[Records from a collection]
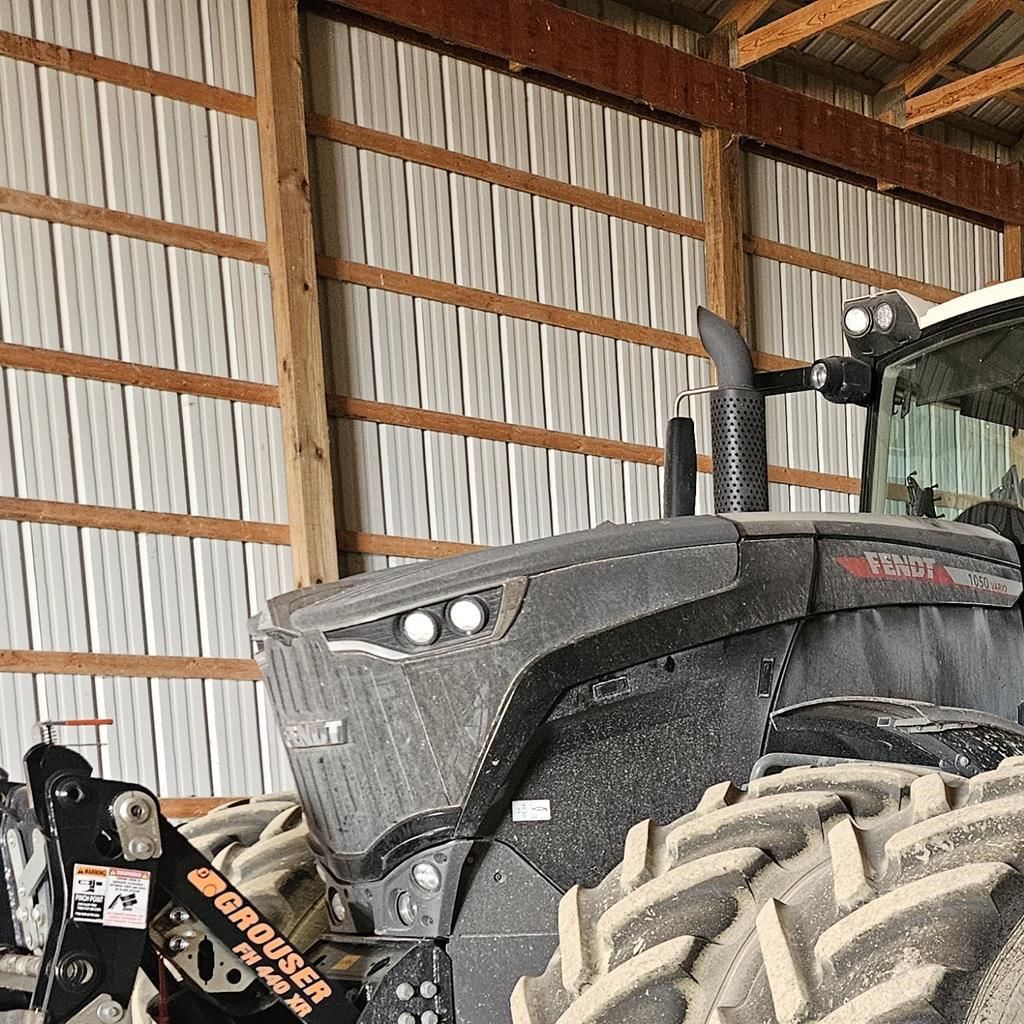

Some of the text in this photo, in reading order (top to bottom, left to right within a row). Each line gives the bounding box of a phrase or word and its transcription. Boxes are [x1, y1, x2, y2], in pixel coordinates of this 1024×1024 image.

[864, 552, 935, 579] FENDT
[968, 573, 990, 589] 1050
[214, 891, 332, 1004] GROUSER
[231, 941, 313, 1018] FH 440 XR
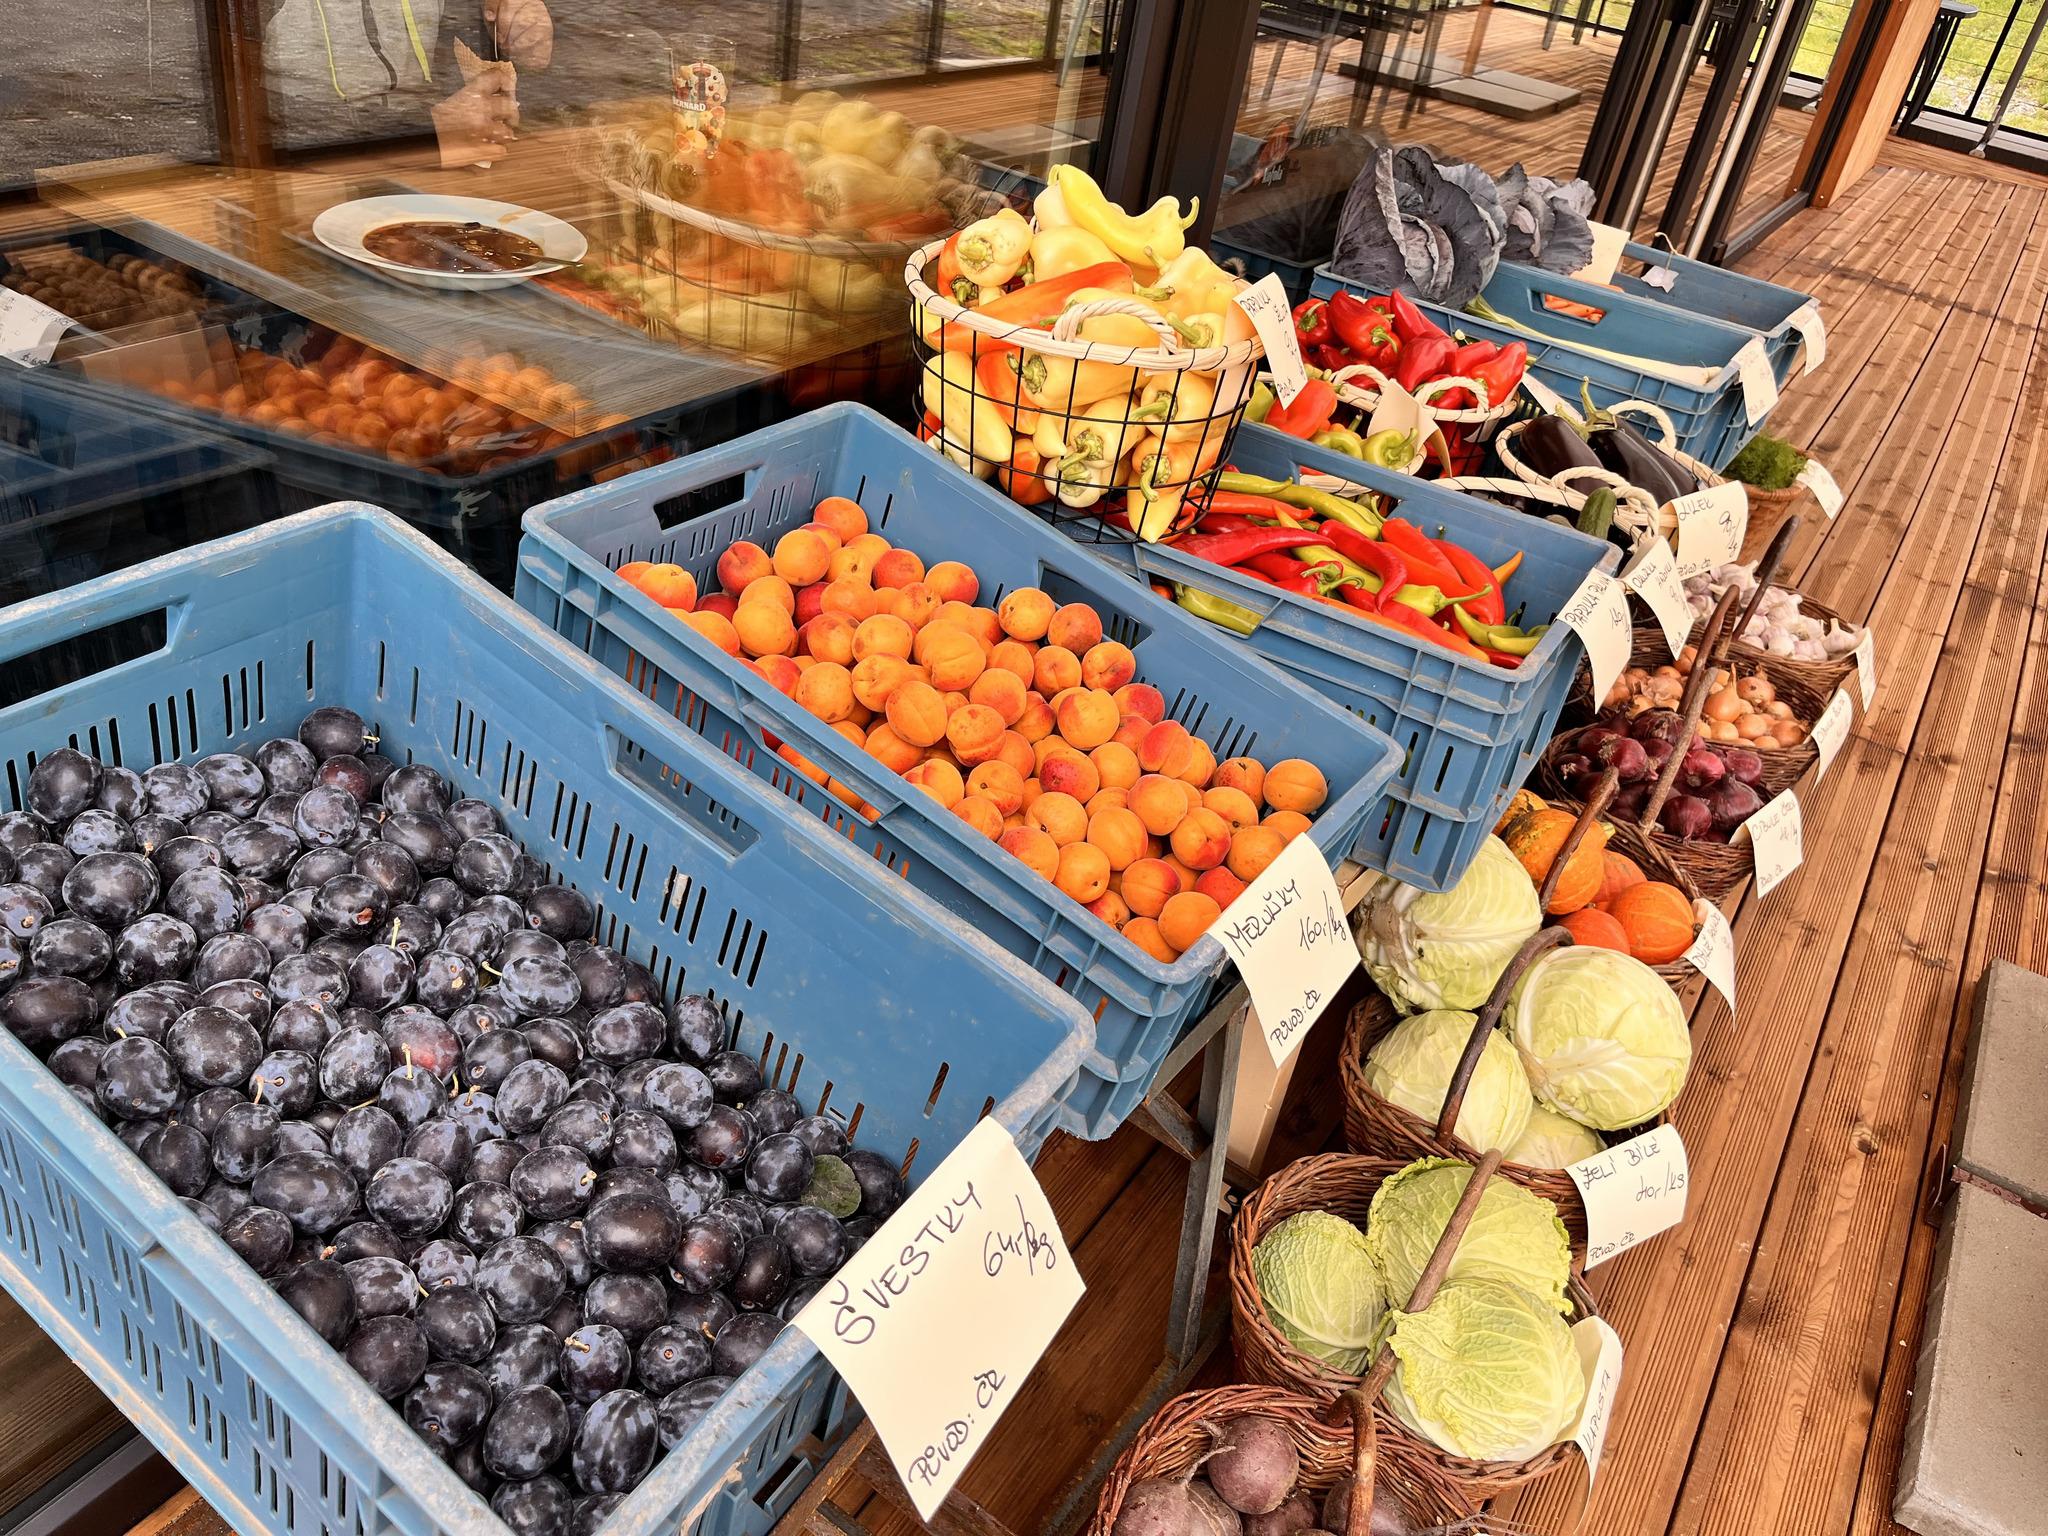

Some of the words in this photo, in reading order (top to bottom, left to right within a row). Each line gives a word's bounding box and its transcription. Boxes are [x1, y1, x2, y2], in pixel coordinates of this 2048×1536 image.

[1303, 988, 1322, 1011] ČR
[1623, 1136, 1661, 1167] BÍLÉ
[830, 1181, 982, 1345] ŠVESTKY
[908, 1413, 976, 1487] PŮVOD:
[973, 1369, 1006, 1410] ČR
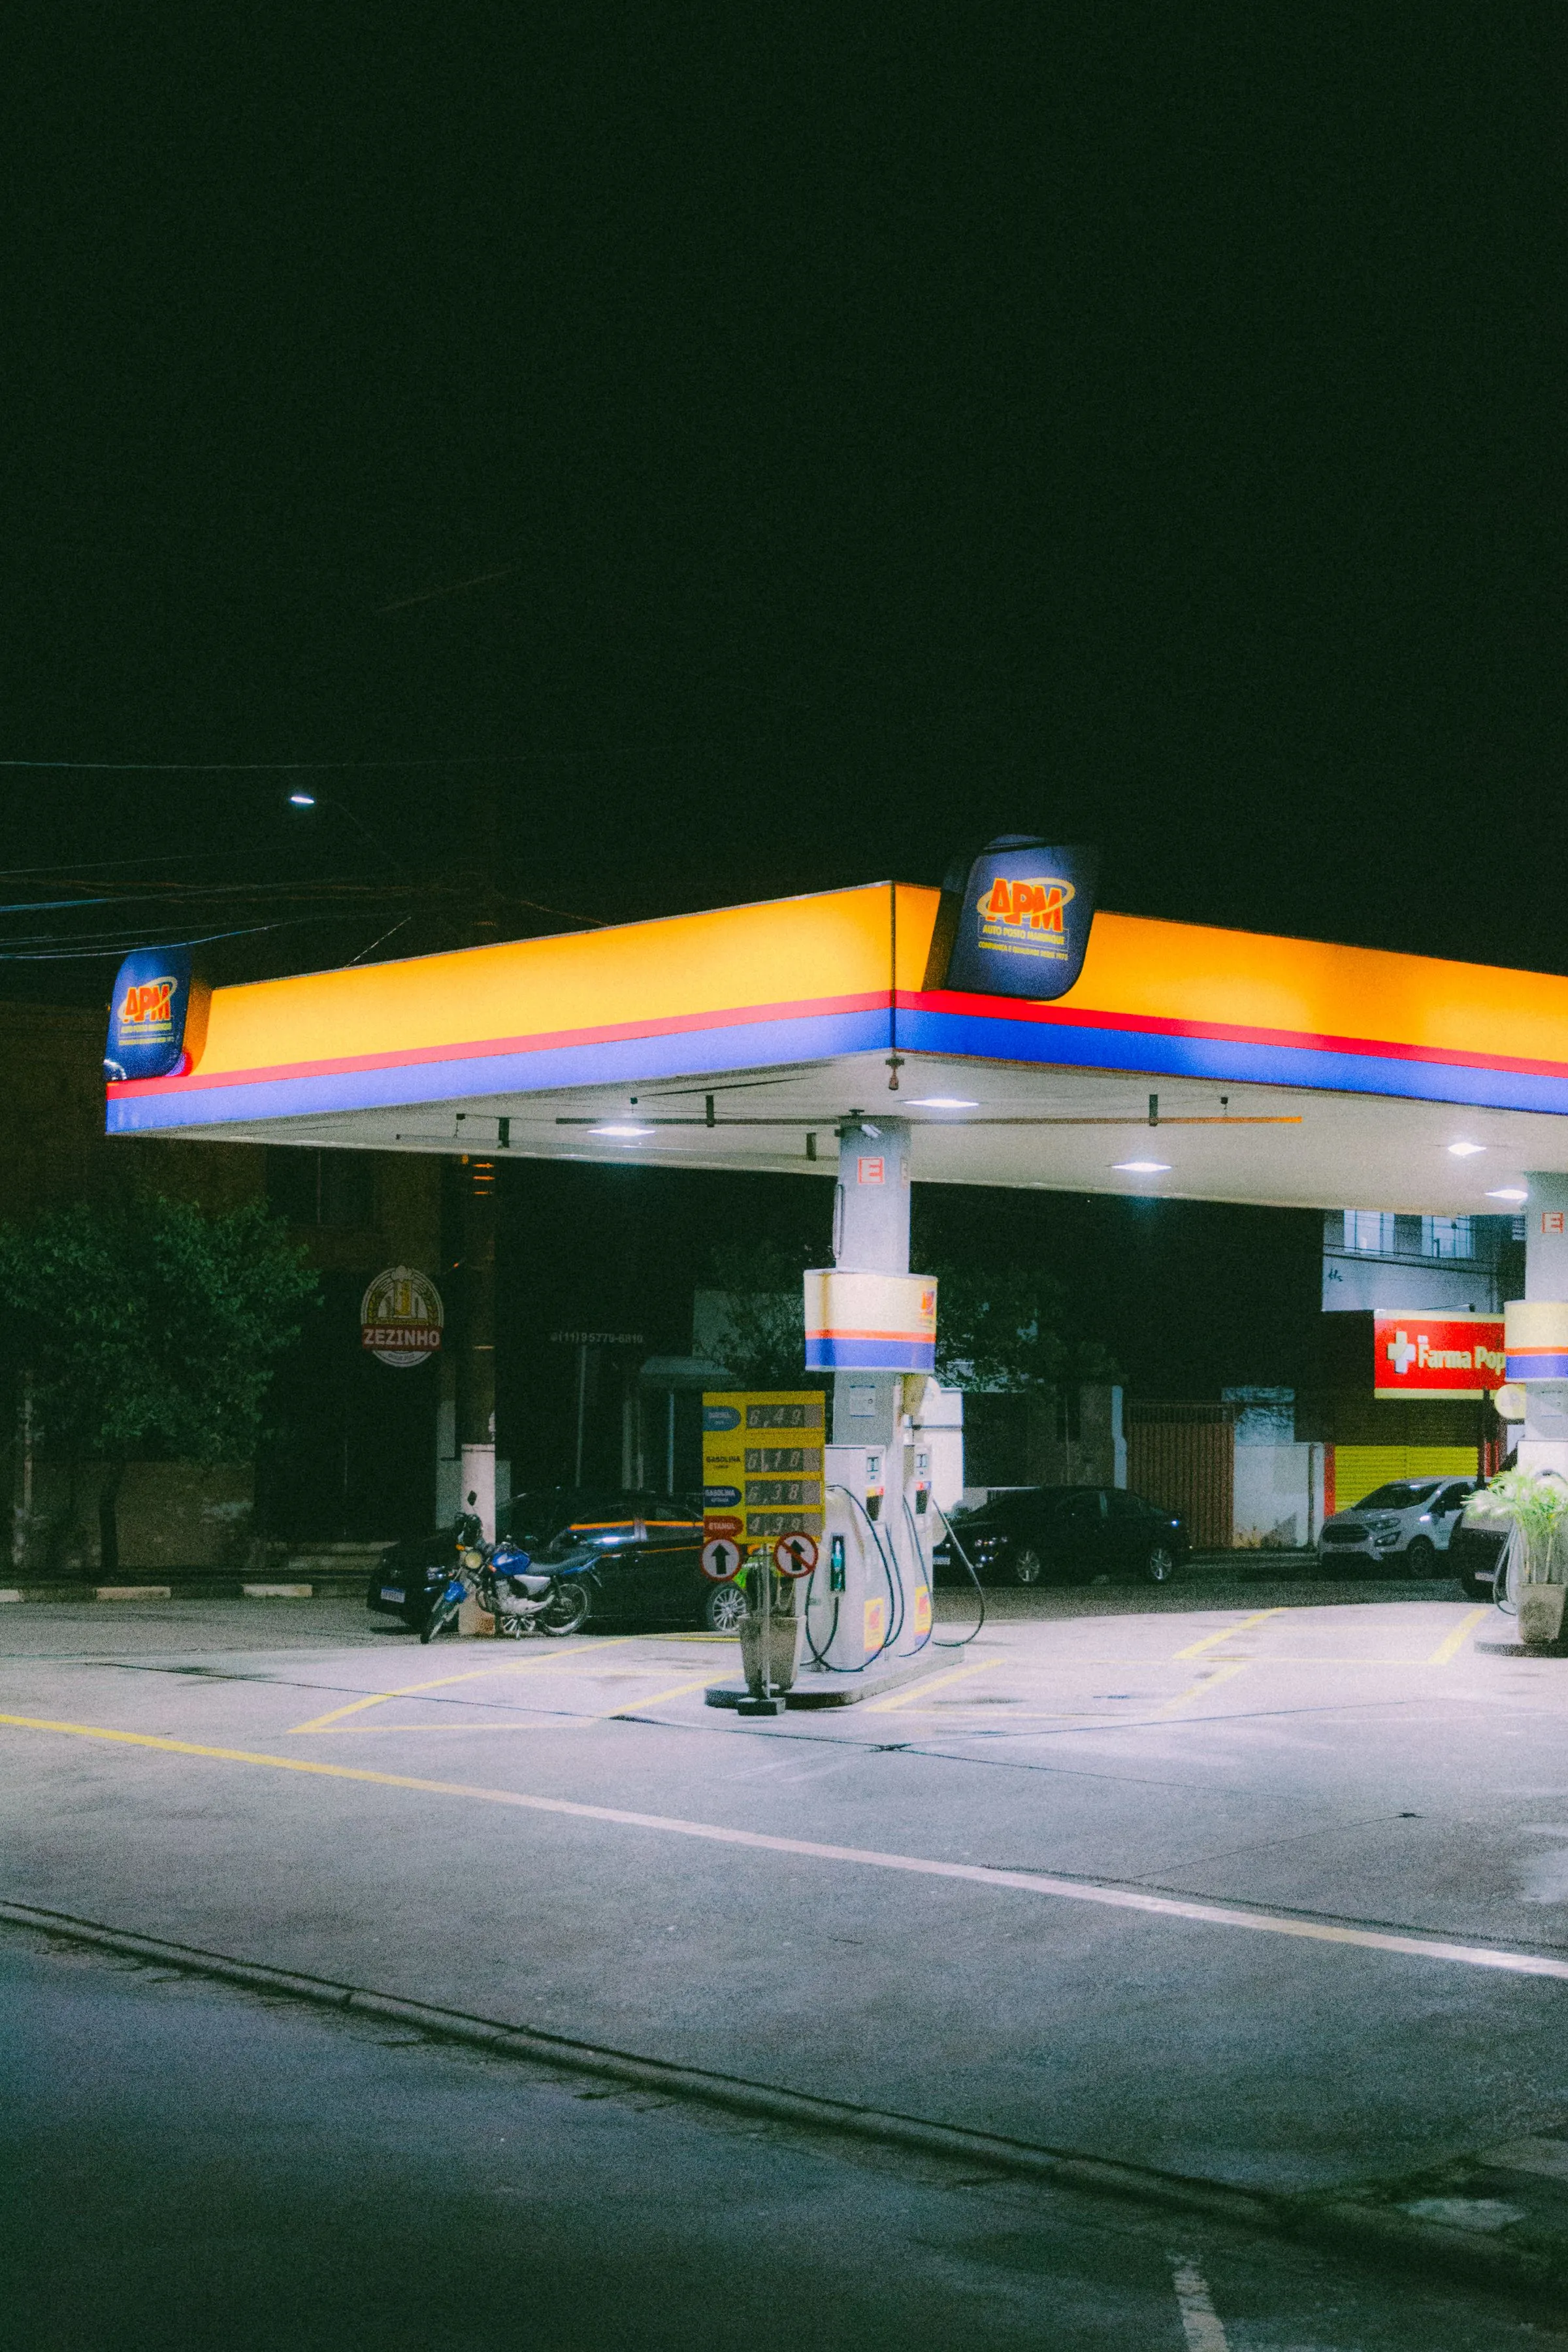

(PROBLEM TO SOLVE): Pictures aside, restate all of the entries exactly.

(SOLUTION FOR THIS EXERCISE):
Some of the text in this photo, in reading order (top to bottom, left to right within a row). Each line gives the bounding box of a phrase or word and its transcription. Boxes are [x1, y1, x2, y2], in pixel coordinates of this 1024×1024 image.

[864, 552, 935, 579] FENDT
[968, 573, 990, 589] 1050
[214, 891, 332, 1004] GROUSER
[231, 941, 313, 1018] FH 440 XR

Some of the words in this photo, in reading order (top to bottom, left to right within a row). Each line gives a word's bounding box and its transcription. Boxes are [x1, y1, x2, y2], in pixel coordinates of this 2048×1536 image.

[1303, 988, 1322, 1011] ČR
[1623, 1136, 1661, 1167] BÍLÉ
[830, 1181, 982, 1345] ŠVESTKY
[908, 1413, 976, 1487] PŮVOD:
[973, 1369, 1006, 1410] ČR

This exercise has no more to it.